La réunion qui a décidée de ce nom s’est tenue à Aubais, au Notariat de mon père. Le choix en a été effectué à la suite d’une discussion à laquelle participait Dezeuze, Saytour, Bioulès et moi. Le directeur du MAM, Pierre Gaudibert nous avait demandé un titre pour la fameuse expo de l’été 1970. C’est Bioulès qui a amené le nom de Supports-Surfaces, qui nous est apparu comme le plus consensuel. Dans les faits le nom a été mis au pluriel par les méridionaux, au singulier par les parisiens, Cane et Devade. Dezeuze se situait entre les deux. Il fut d’ailleurs un cas particulier dans la mesure où il m’avait laissé des pièces, des lattes de bois et treillis, pour les expositions mais il se trouvait alors au Canada et n’a pas dû voir ces douze expos.

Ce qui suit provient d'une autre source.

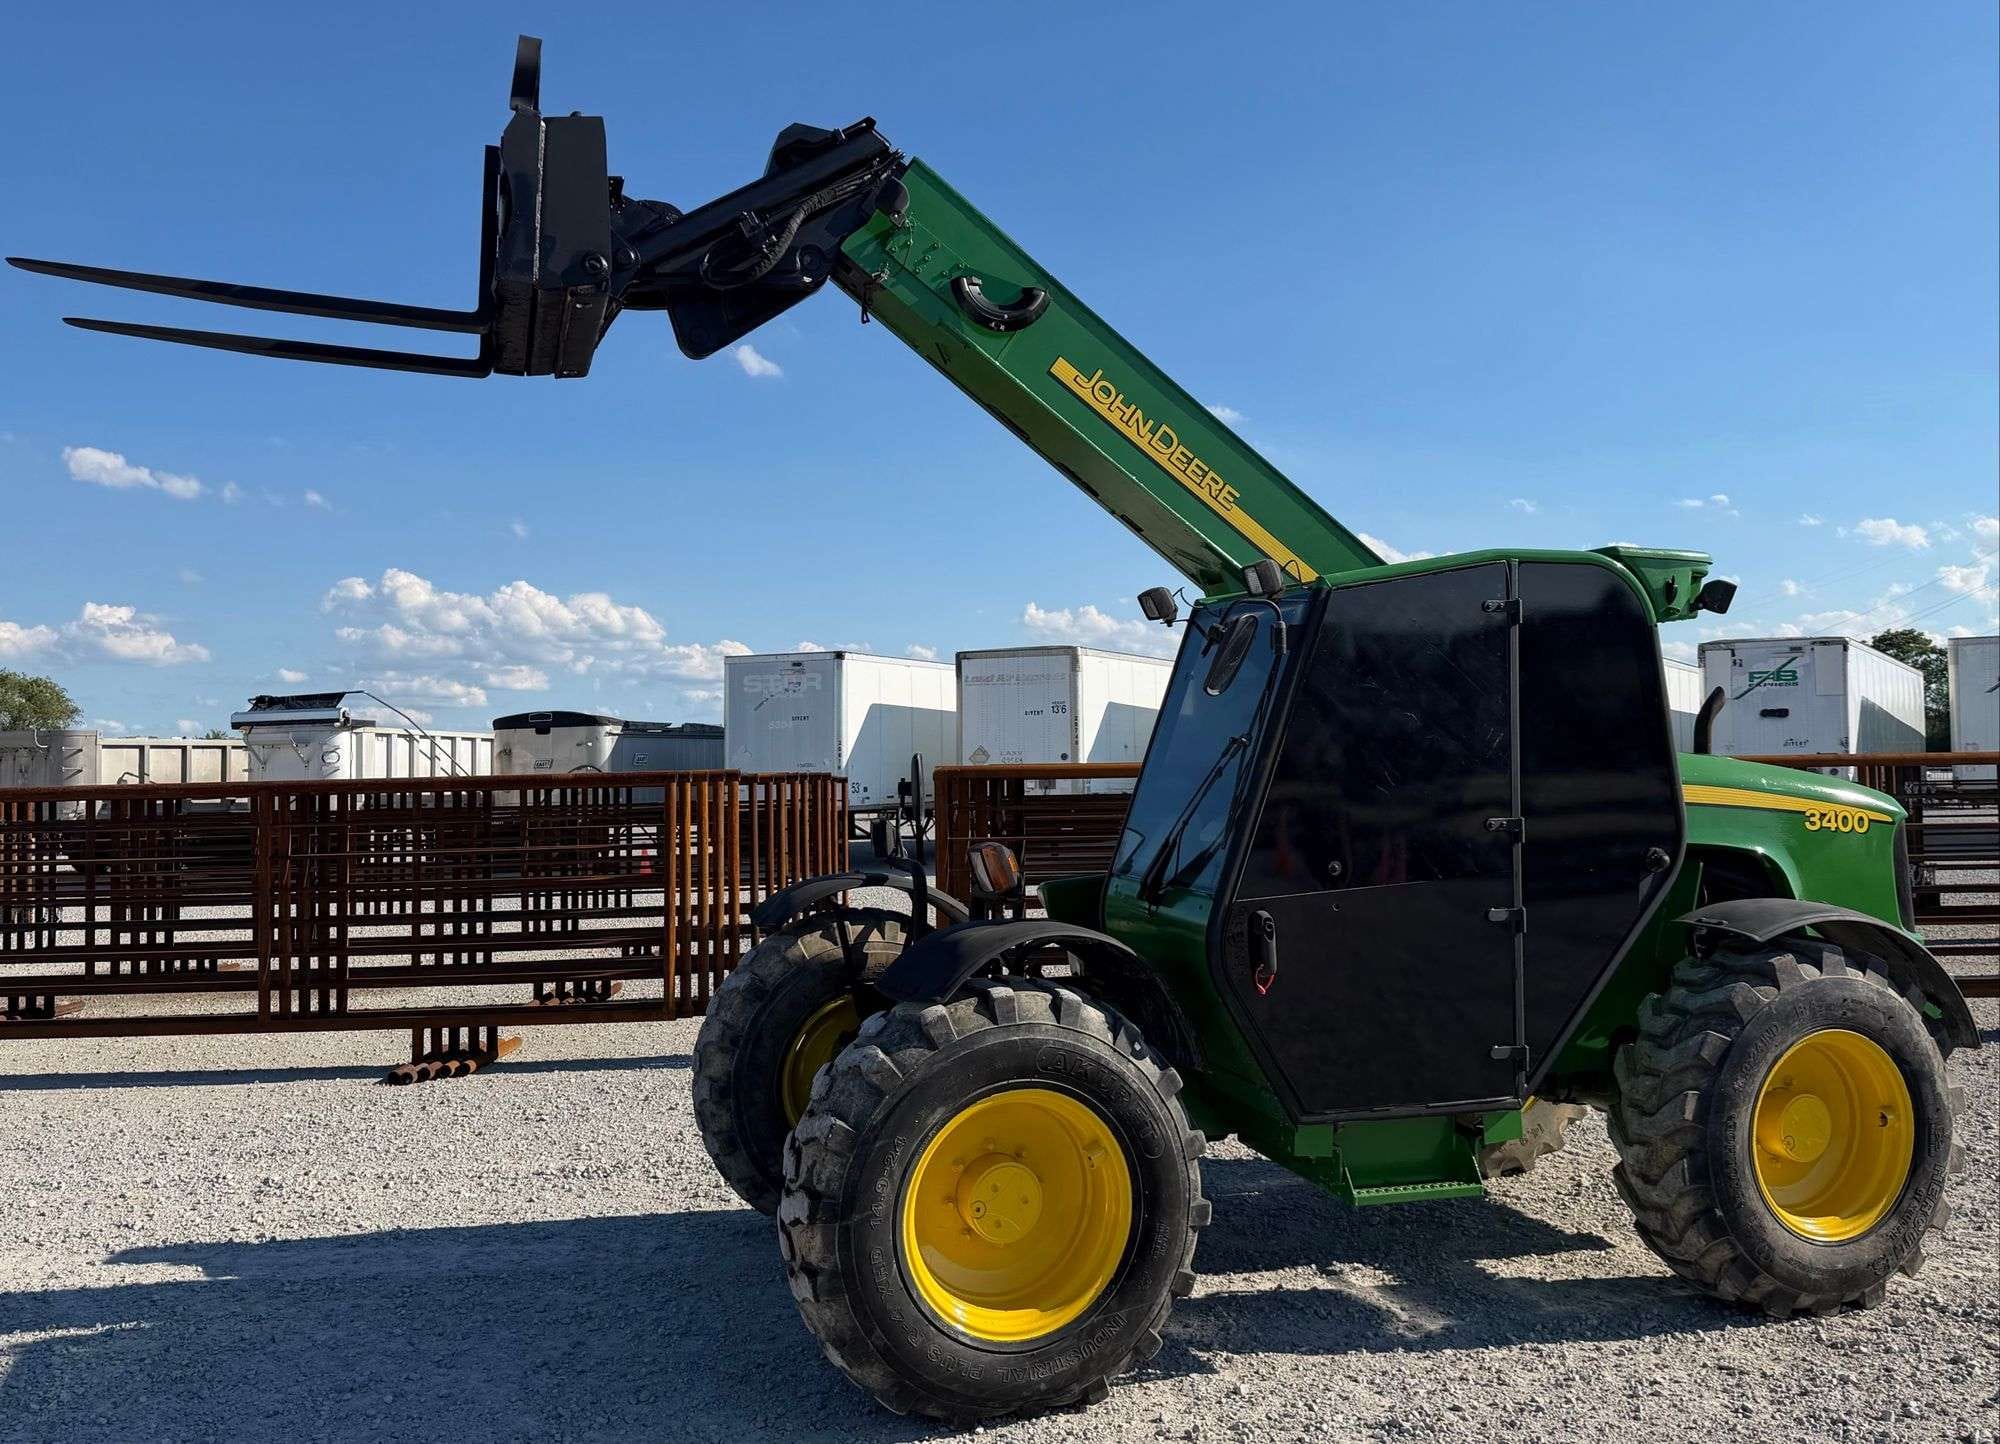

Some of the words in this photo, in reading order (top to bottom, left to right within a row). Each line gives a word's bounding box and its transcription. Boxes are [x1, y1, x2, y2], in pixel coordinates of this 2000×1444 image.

[1074, 368, 1154, 439] JOHN
[1149, 422, 1241, 512] DEERE
[1804, 808, 1869, 834] 3400
[926, 1343, 986, 1385] PLUS
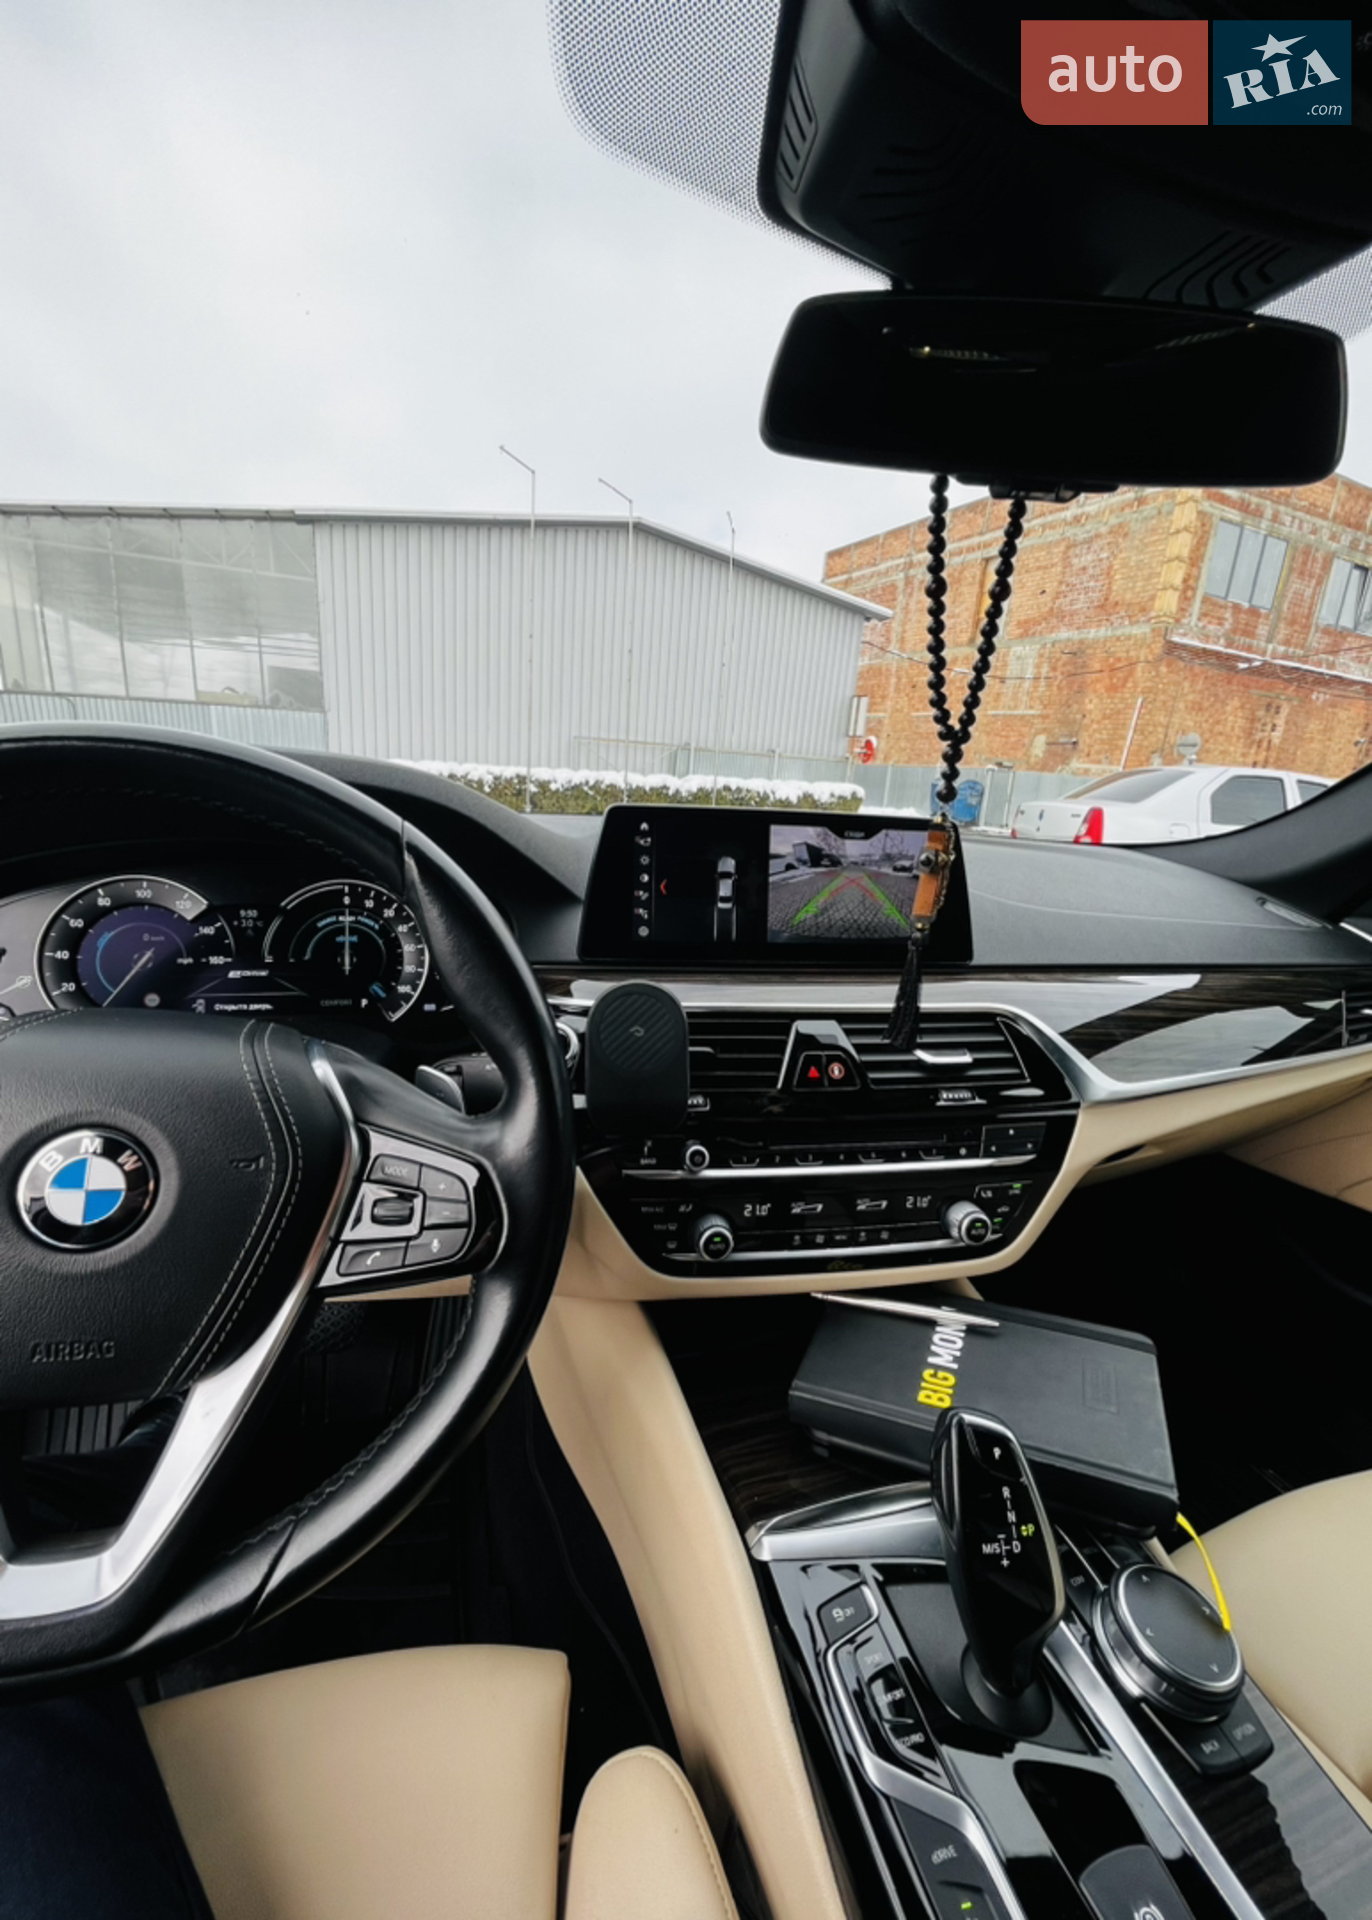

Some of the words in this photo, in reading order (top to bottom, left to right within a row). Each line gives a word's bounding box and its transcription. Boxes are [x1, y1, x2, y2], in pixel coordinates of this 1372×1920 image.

[135, 889, 152, 899] 100
[97, 897, 111, 907] 80
[175, 900, 191, 909] 120
[343, 896, 351, 905] 0
[364, 900, 374, 908] 10
[383, 909, 395, 918] 20
[69, 918, 84, 928] 60
[398, 924, 408, 933] 40
[404, 943, 416, 952] 60
[54, 950, 69, 960] 40
[405, 965, 416, 974] 80
[61, 983, 76, 992] 20
[397, 984, 412, 994] 100
[361, 999, 369, 1009] P
[39, 1137, 143, 1173] BMW
[385, 1166, 408, 1176] MODE
[31, 1341, 115, 1363] AIRBAG
[917, 1368, 956, 1409] BIG
[993, 1447, 1001, 1460] P
[1002, 1486, 1011, 1499] R
[1007, 1510, 1017, 1523] N
[1027, 1524, 1035, 1536] P
[982, 1543, 1000, 1554] M/S
[1013, 1541, 1021, 1553] D
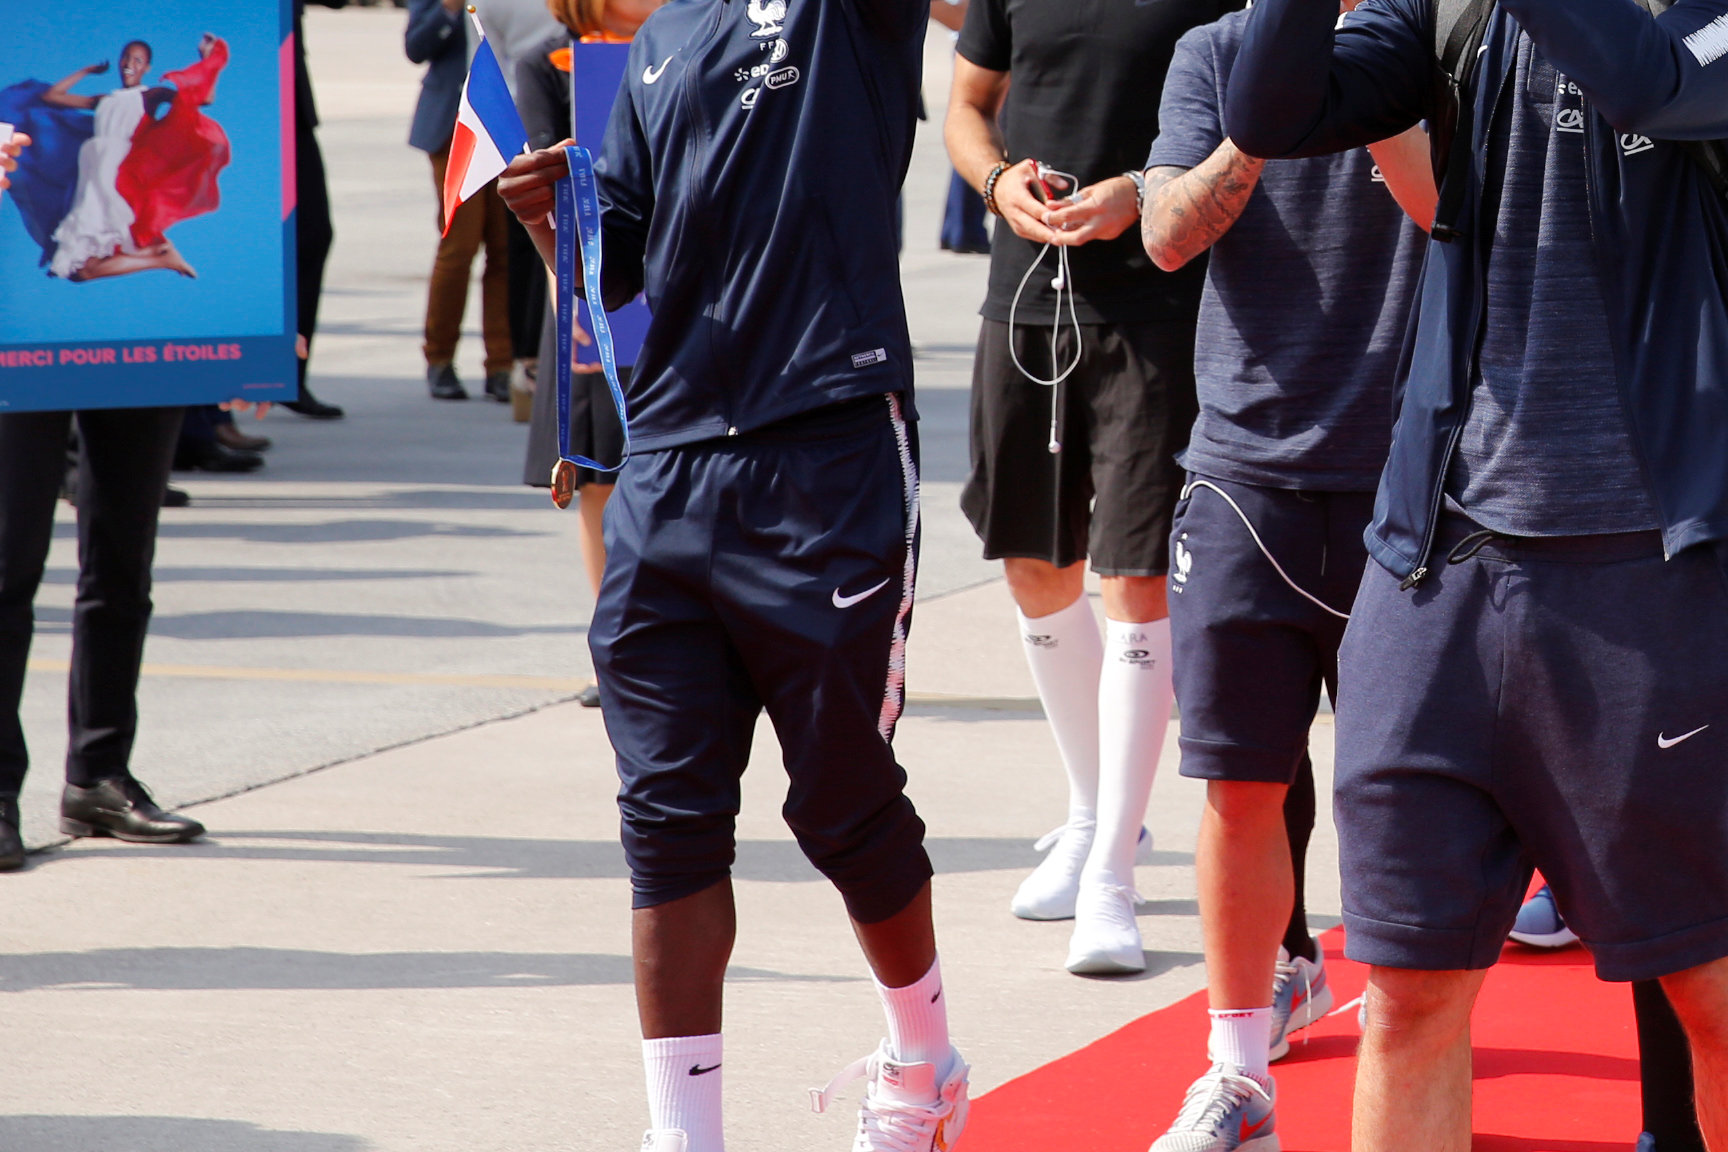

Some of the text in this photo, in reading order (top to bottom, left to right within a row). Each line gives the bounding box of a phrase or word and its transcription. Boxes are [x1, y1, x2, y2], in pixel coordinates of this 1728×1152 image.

Pour le nom même de Supports/Surfaces, on s’était rendu compte que l’Histoire de la Peinture s’était concentrée sur la surface de la toile et non sur la mécanique qui la portait. Or c’est  la constitution et la déconstruction du tableau, une toile sur un châssis, qui nous préoccupait. Dezeuze travaillait le châssis sans la toile, moi je travaillais la toile sans le châssis, Saytour l’image du châssis sur la toile, par le fait de plier la toile et de peindre les plis… Pour l’Arc il y avait, outre les quatre déjà cités, Dolla, Valensi (deux de mes anciens étudiants niçois, ce qui me gênait beaucoup), et Devade (toulonnais, adopté par Paris). La présence de Devade, qu’avait rencontré Dezeuze, renforçait la position de Bioulès qui privilégiait le traitement de la couleur sur la surface. Ils travaillaient tous deux sur une  toile tendue sur châssis, volontairement. Les autres membres du groupe travaillaient plutôt sur les éléments constitutifs du tableau, du moins les peintres : la toile sans châssis, le châssis sans la toile, le pliage, le froissage, le débordement sur le sol, la répétition d’une forme, l’allongement ou le rétrécissement du support, le collage, l’envers et l’endroit de la toile etc.

Que peut apporter aux nouvelles générations l’existence d’un tel mouvement ?

Les peintres ne peuvent plus ignorer qu’il y a une mécanique sous leur peinture. Autrefois on n’en tenait pas compte puisque on œuvrait sur la surface idéale. Des artistes américains reprennent actuellement les relations entre châssis et toile, matériaux dur/souples et tous les problèmes soulevés. Peut-être notre mouvement est-il le dernier à se présenter de manière cohérente. Nous avons beaucoup écrit et théorisé à l’époque. Ceci dit le caractère politique du mouvement était plus lié aux artistes résidant à Paris, autour de Tel Quel, qu’à ceux de la région.